━━━━━ MATERIALS PROVIDED ━━━━━

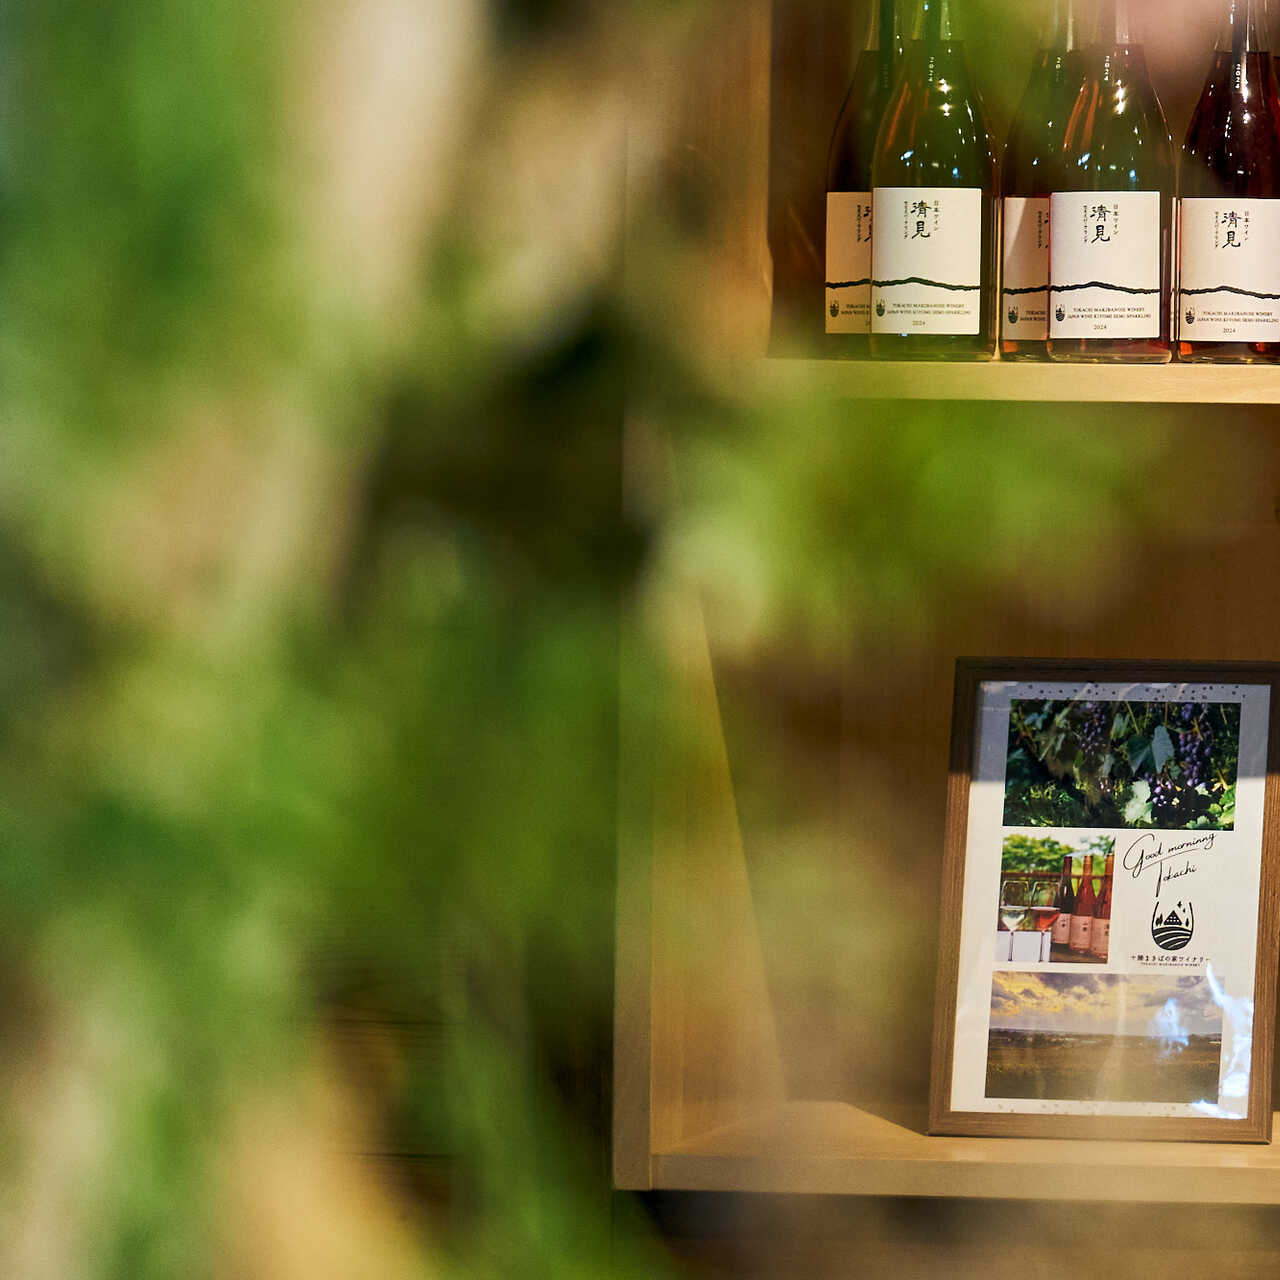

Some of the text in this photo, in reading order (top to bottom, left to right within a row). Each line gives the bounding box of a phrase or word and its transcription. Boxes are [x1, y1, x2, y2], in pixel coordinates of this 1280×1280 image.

[909, 200, 931, 240] 清見
[1090, 204, 1112, 243] 清見
[1221, 211, 1241, 248] 清見
[1123, 833, 1162, 878] Good
[1155, 860, 1197, 898] Tokachi
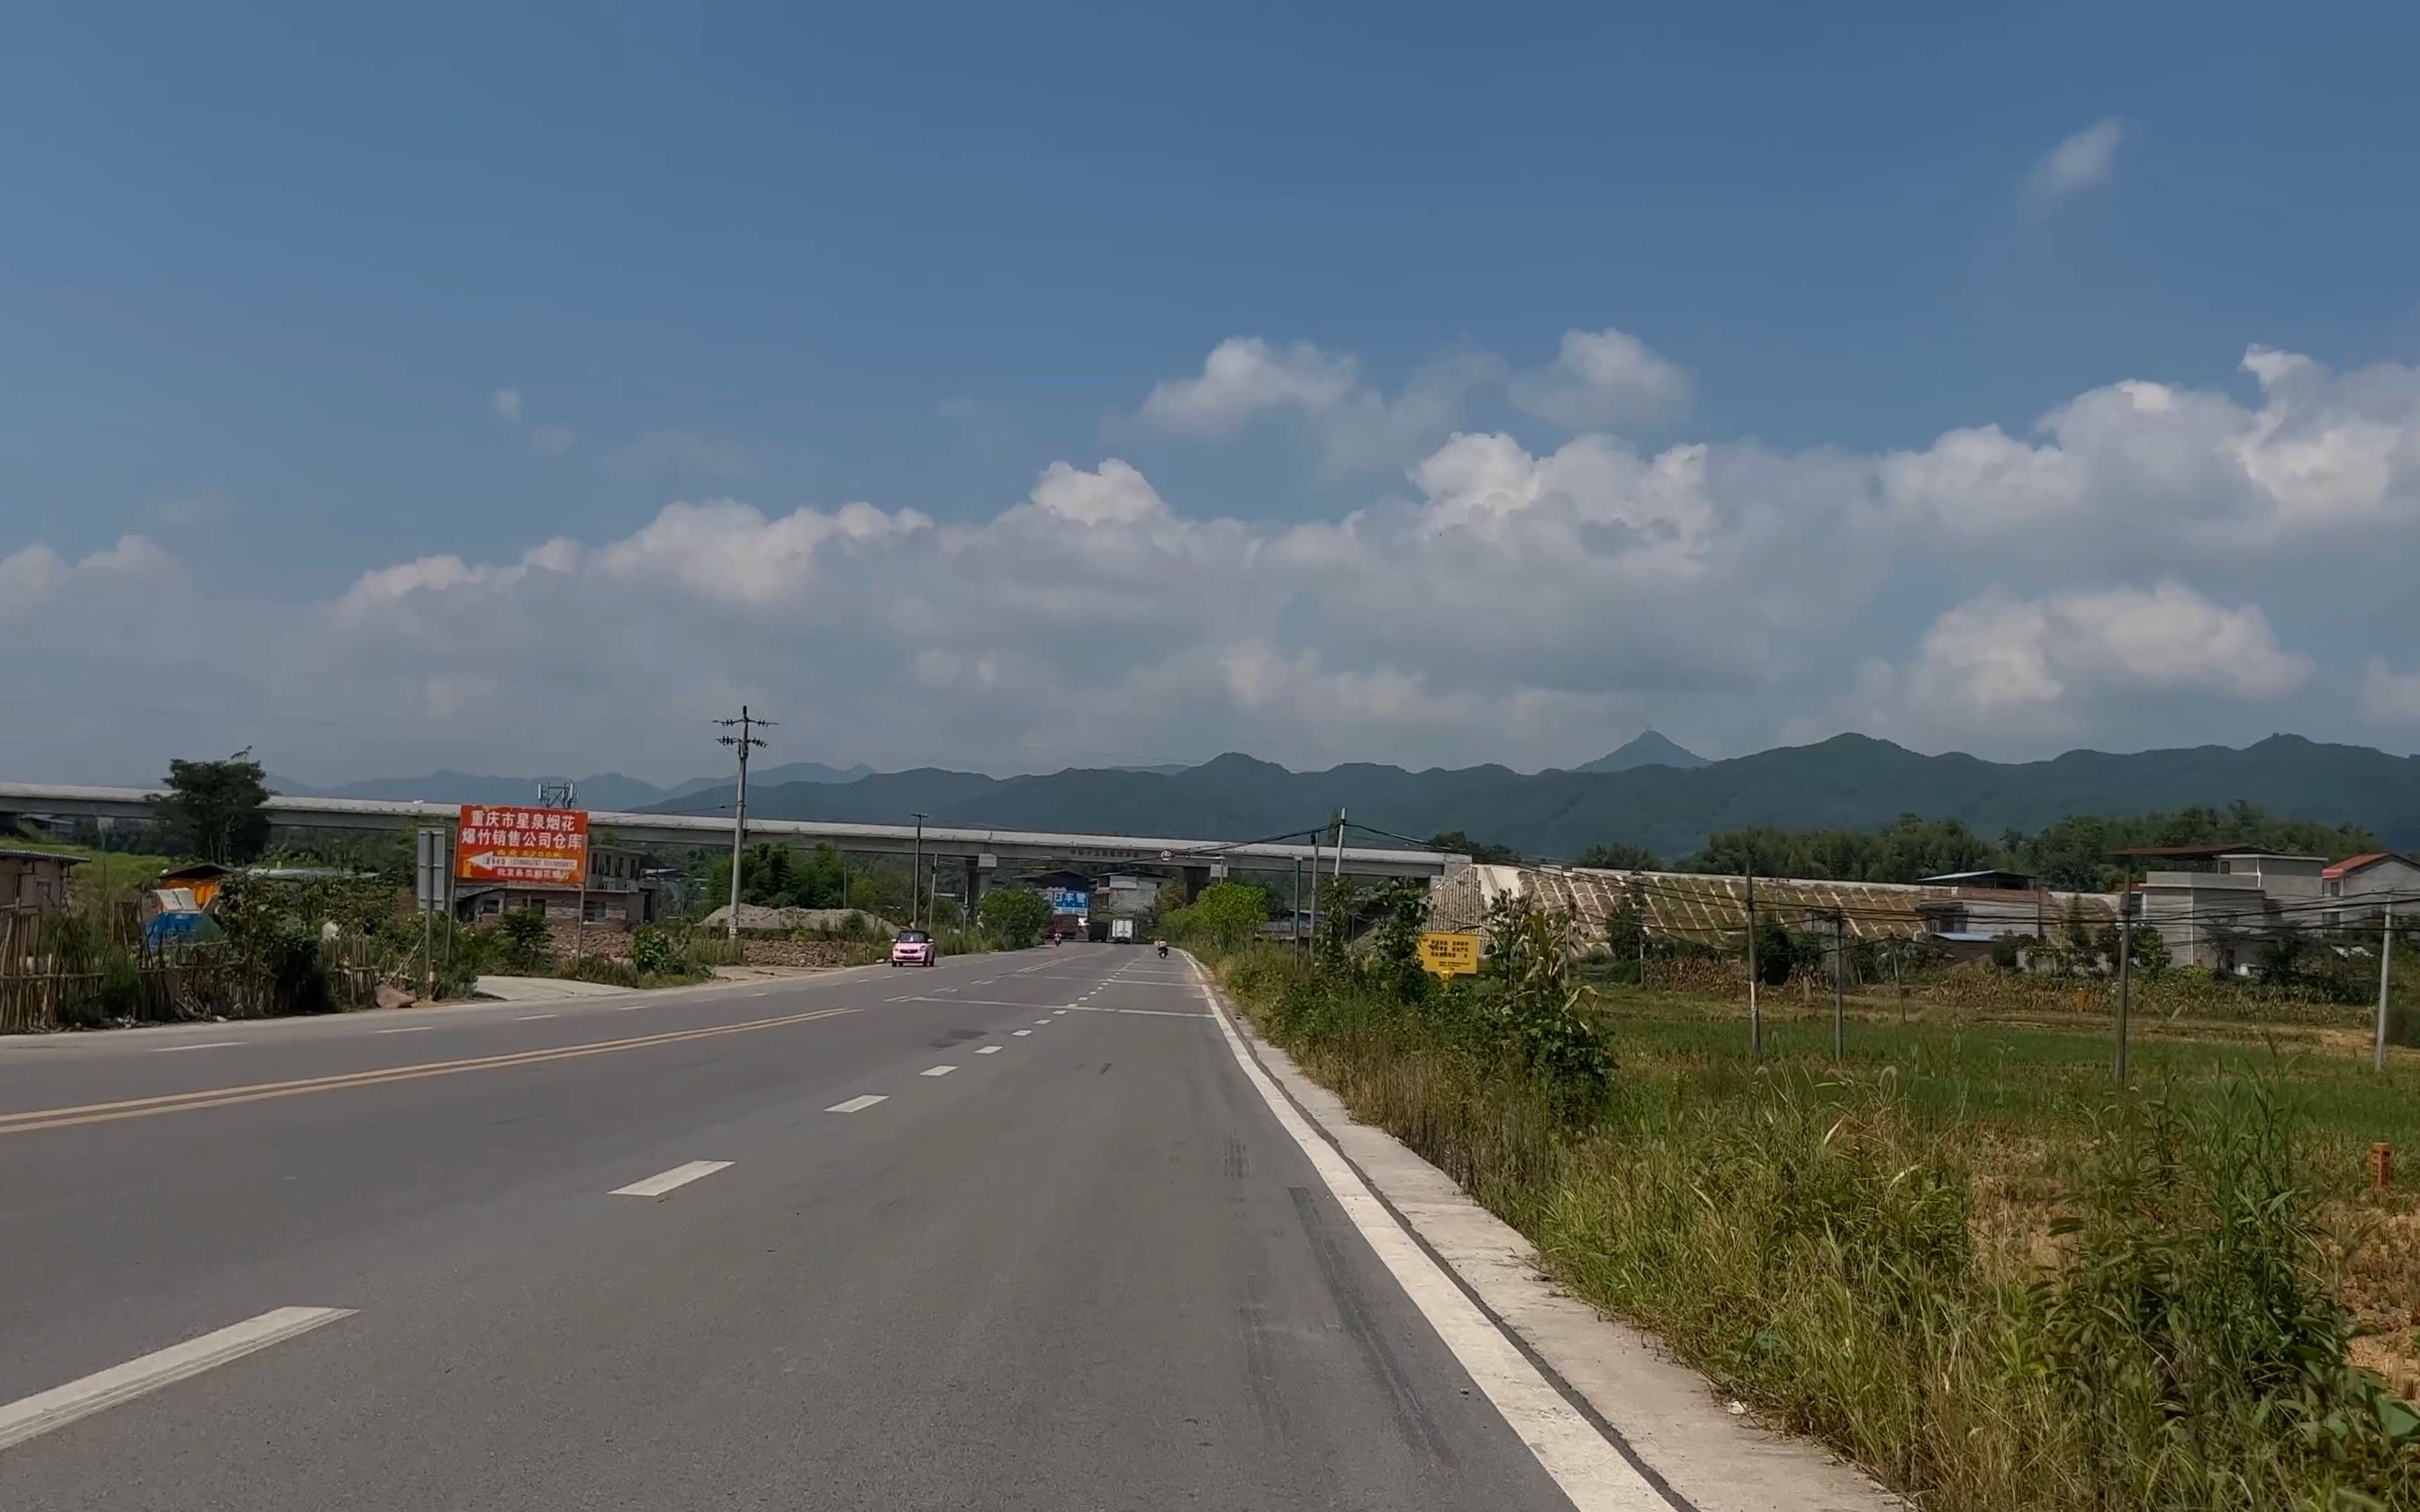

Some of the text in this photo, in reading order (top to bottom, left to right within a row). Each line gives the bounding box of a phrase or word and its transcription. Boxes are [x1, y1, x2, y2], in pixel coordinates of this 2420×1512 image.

━━━━━

ABOUT THIS TASK:
The reply must hold every line above exactly as written and none of the pictures.

OUTPUT:
Some of the text in this photo, in reading order (top to bottom, left to right within a row). Each line gives the bounding box of a phrase or word and its transcription. Boxes are [x1, y1, x2, y2], in pixel coordinates of this 1280×1280 image.

[909, 200, 931, 240] 清見
[1090, 204, 1112, 243] 清見
[1221, 211, 1241, 248] 清見
[1123, 833, 1162, 878] Good
[1155, 860, 1197, 898] Tokachi

Some of the text in this photo, in reading order (top to bottom, left to right within a row). Each line gives the bounding box of a phrase or word and its transcription. Boxes are [x1, y1, x2, y2], in pixel coordinates of this 2420×1512 image.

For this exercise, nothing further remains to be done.